Fw: [SML] Whether to support Attribute or not?
Eric Bohlman
ebohlman at netcom.com
Mon Nov 29 09:57:25 GMT 1999
On Mon, 29 Nov 1999, Oren Ben-Kiki wrote:
> SSLT would have simplified XPath syntax, since there is no issue of
> attributes. If SSLT is to be written in SML, the XSLT syntax would have to
> be reworked, but this is pretty mechanical - in fact it could be done
> automatically both ways (using an XSLT stylesheet :-). So far, this doesn't
> gain much. An XSLT processor is complicated enough that it doesn't have much
> to gain from SML.
>
> Making SSLT streaming-only on the other hand, is an interesting notion. I
> was always uncomfortable with XSLT's choice of requiring random access to
> the input. There are many transformation jobs where the input is much larger
> then the output - orders of magnitude larger.
Definitely. Let's talk not just about XSLT translation, but about
querying in general (which is likely to be based on XPATH syntax and the
same sort of data model as XSLT).
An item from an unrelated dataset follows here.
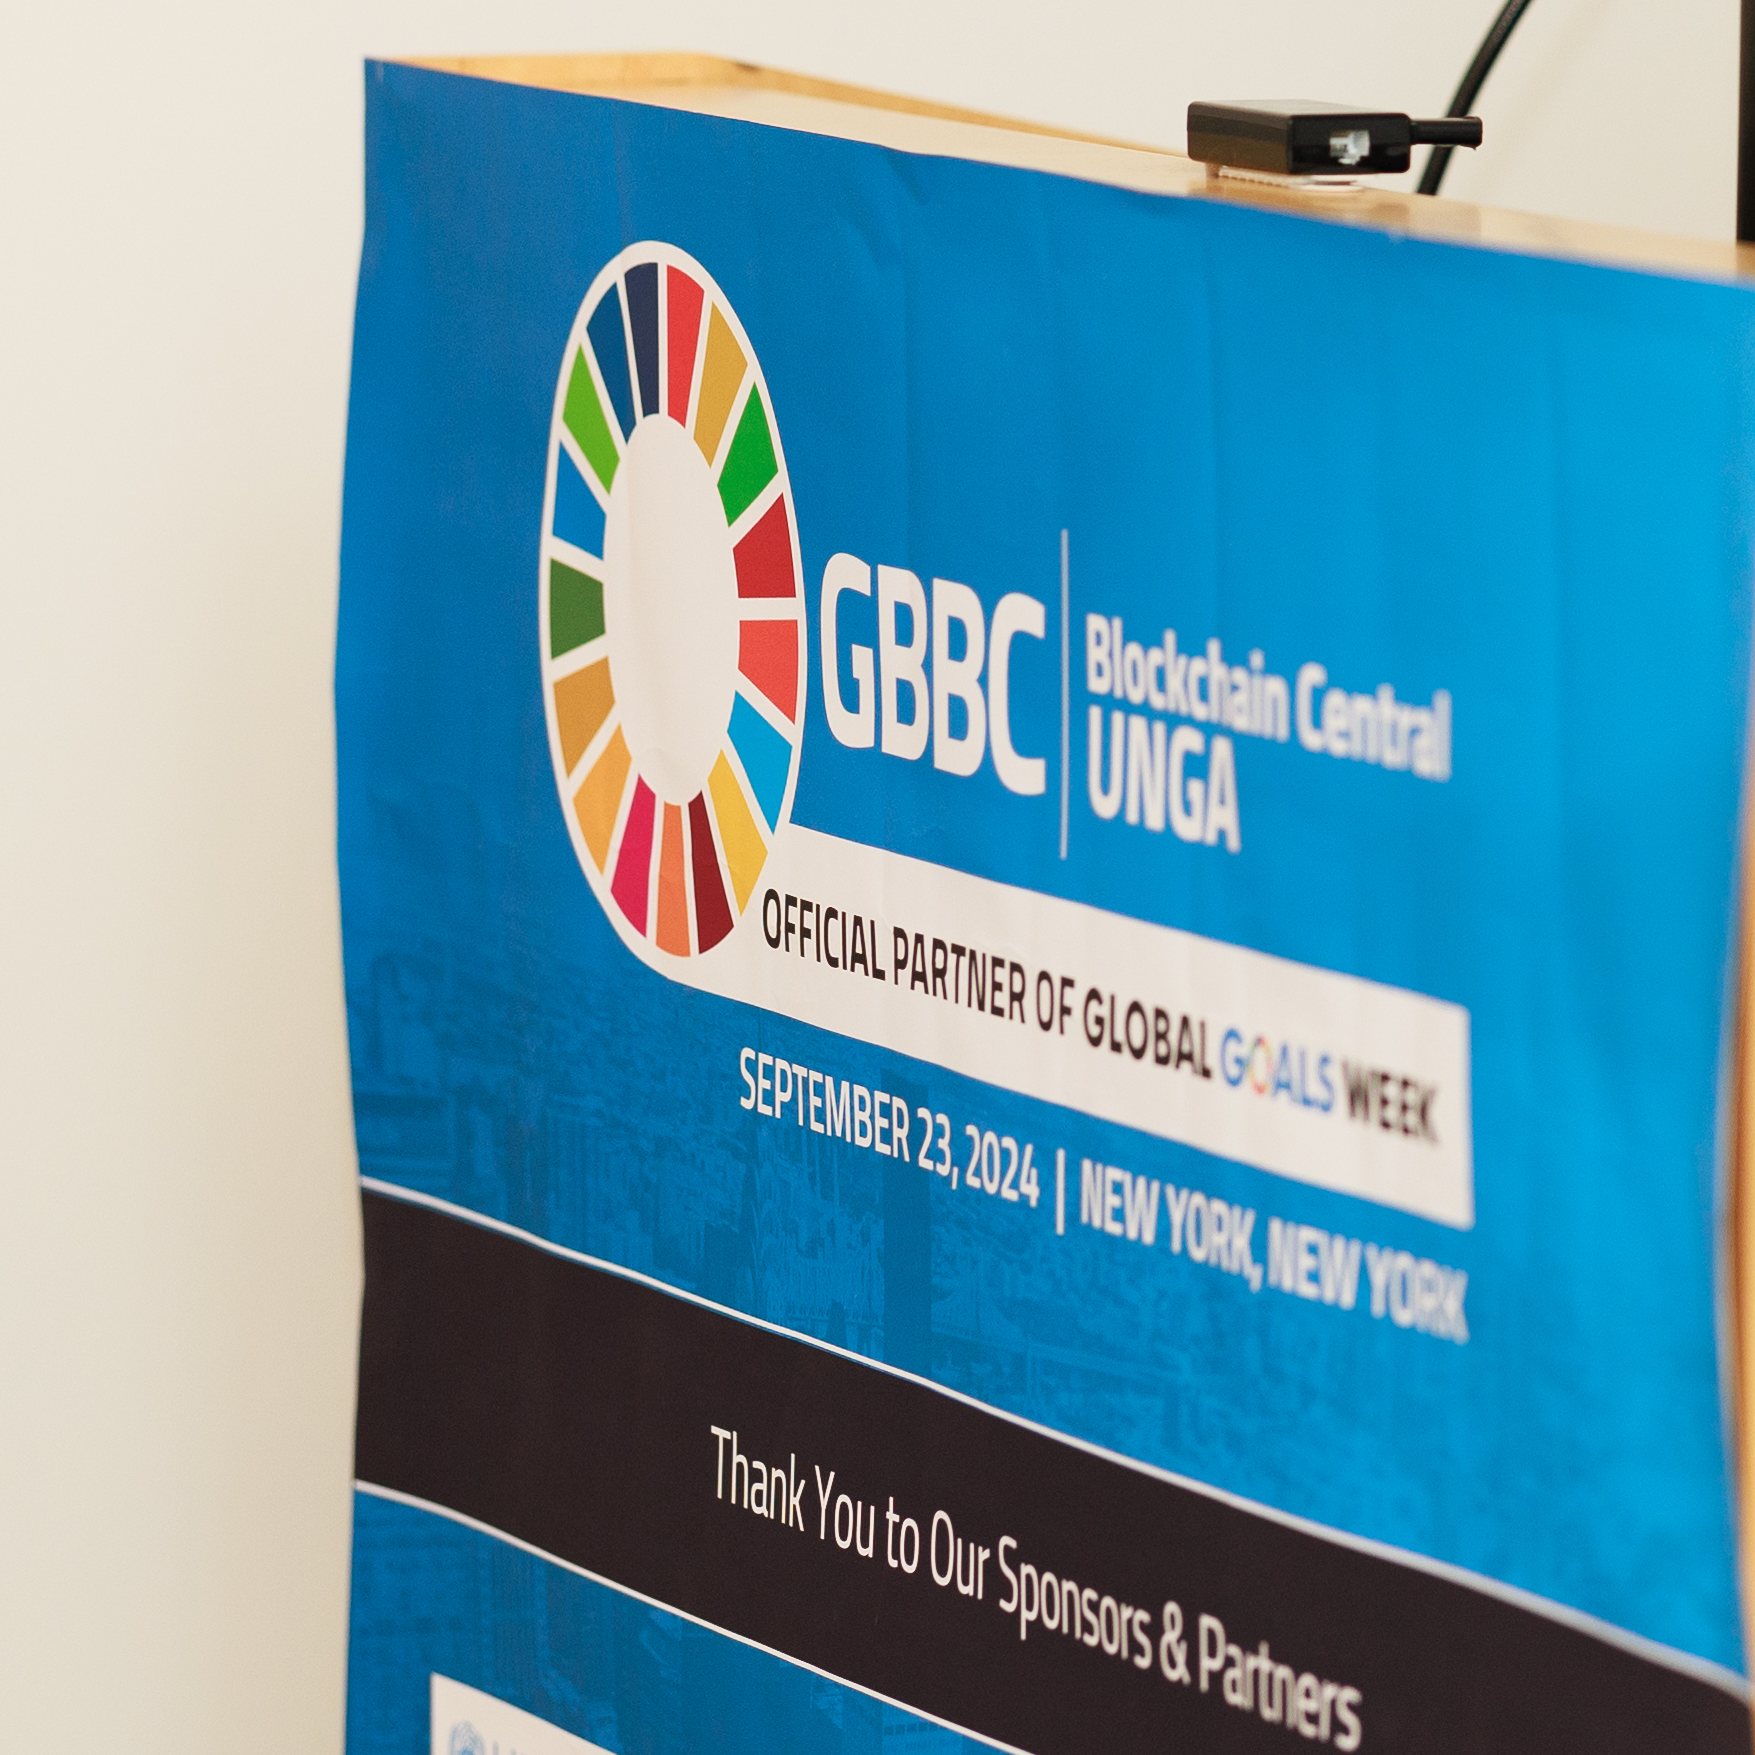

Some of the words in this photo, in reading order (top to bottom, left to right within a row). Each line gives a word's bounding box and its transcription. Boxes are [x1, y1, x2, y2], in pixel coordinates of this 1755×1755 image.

For example, the TEI crowd is probably
going to want the ability to extract fragments from large corpora of text
marked up potentially at the syllable level. That's not going to be
practical if you're restricted to a data model that requires building a
tree for the entire source document.
I would say that developing a data model to support streaming
query/extraction for XML is a far more worthwhile endeavor than developing
a stripped-down data syntax whose main purpose is to allow script kiddies
(not to be confused with Desperate Perl Hackers) to repeatedly cargo-cult
parsers so that their bosses don't get freaked out by the presence of NIH
code, some of which might be (gasp!) Open Source.
>
> S(treaming)SLT would be different from XSLT in the following ways:
>
> - A template would be completely responsible for all the sub-tree below the
> element it matches;
> - A template would be limited to specifying a single pass on this sub-tree
> (i.e., a single call to apply-templates, for-each, etc.).
> - Therefore, side effects (variable assignment) would be allowed.
As I see it, you'd need a way of giving names to path expressions and
their result sets, and a way of making one path expression conditional on
the success of another. Thus a path expression that goes down the
conceptual tree along the child:: axis, then back up the tree along
Ancestor::, and then sideways along following-sibling could be replaced
with three child::-only path expressions that would have to match in
sequence (though not the same order as they would appear in the full XPath
expression), each of which would "squirrel away" the conceptual nodes that
matched. The idea is to limit the "running storage" required to a stack
of element names encountered along the current branch of the conceptual
tree and the text content of the current element (along with any
squirreled-away data).
An interesting question is whether a full XPath expression could be
automatically decomposed into a sequence of "sequential-path" expressions.